Today is what we call in the church world, Ascension Day. For church goers this day is at the end of Jesus time on earth. No more re appearing in flesh form. No more walking through doorways and appearing on beaches. No more touching of wounds or breathing peace. He ascends into heaven on this day.
This is the public holiday here that I think is the funniest name as well. Himmelfahrt. Go ahead. Say it out loud. I dare you not to giggle. Everything is closed here today on this public holiday. Everyone has the day off and the public transit runs less frequently. It is pouring down rain all day here and grey and cold.
Last year on this day the clouds were out and the sun was shining. Not this day. Two years ago on this day I was in Nice, France to celebrate my birthday. Not this year. Four years ago on this day we were walking in the Meseta in Spain just about to reach Leon and make some decisions about our next stop. Not this year.
BUT this year we are snuggly and warm in our place. We just took Pushki to the dog hotel and Luna is in my lap glaring at the person cleaning our place so it is ready for our house sitter/Luna sitter. We are leaving early tomorrow morning for Belgrade so that Ana can get her second dose of Biontech and we can celebrate my 40th birthday with Ana’s family instead of here in our apartment again.

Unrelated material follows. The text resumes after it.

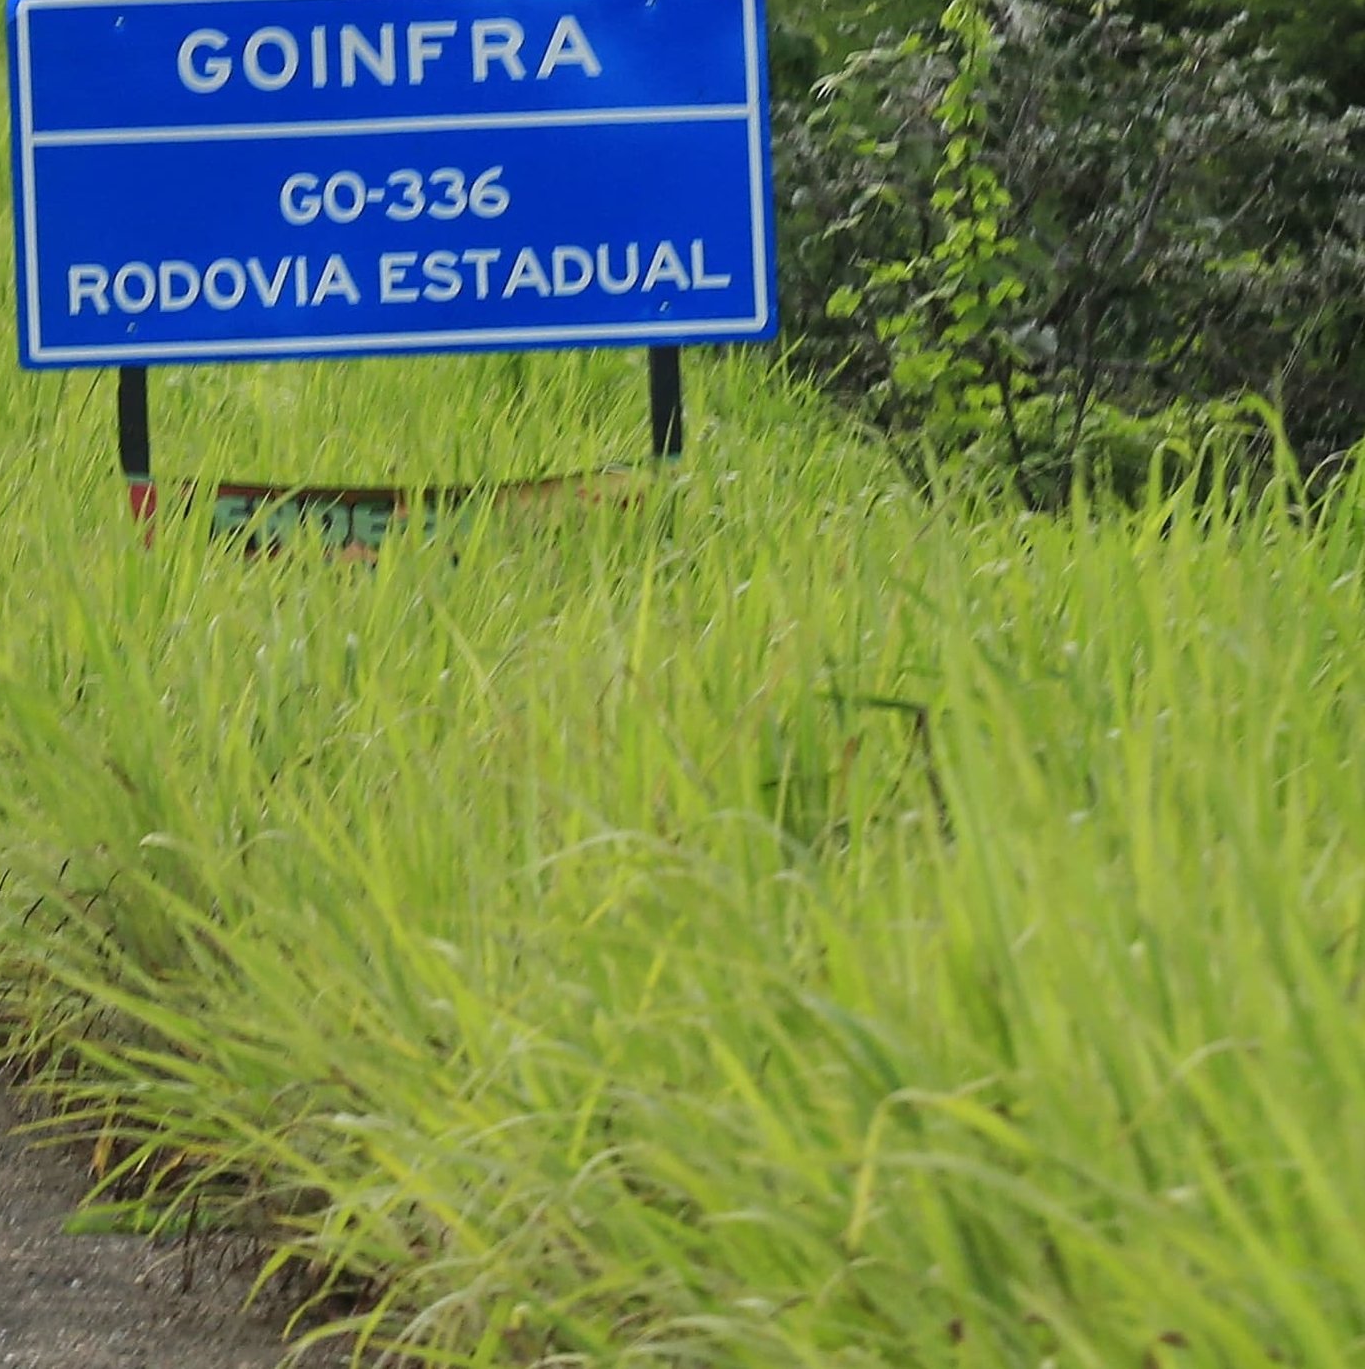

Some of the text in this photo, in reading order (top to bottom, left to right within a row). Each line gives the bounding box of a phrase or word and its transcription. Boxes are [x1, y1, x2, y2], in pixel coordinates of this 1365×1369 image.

I am incredibly anxious but also excited. I am anxious because this is the first time in 7 months that I have left Berlin. I had to take a PCR test yesterday and everyone who gets on the plane has to have a negative test. We will all be wearing medical masks. We are both half vaxxed (me almost) and all of Ana’s family is vaccinated. When we get to Belgrade, her parents will pick me up and we will go to get her shot and then to the village where they live. We are taking all of the precautions and yet I can’t help feel this extreme caution. It feels a little like emerging out of something that feels safe and I am not quite sure how to do this anymore and yet it will be good. It will be exciting and lovely. It will be spending time in nature instead of surrounded by concrete. It will be a break from the routine and from dogs (who I will miss but it will be nice to not have to take care of them for 10 days).
So on this Himmelfahrt day it does feel a little like a hinge that will eventually lead to Pentecost. A new chapter. A new way forward, little by little.
How will you look up to see Christ rising in the sky?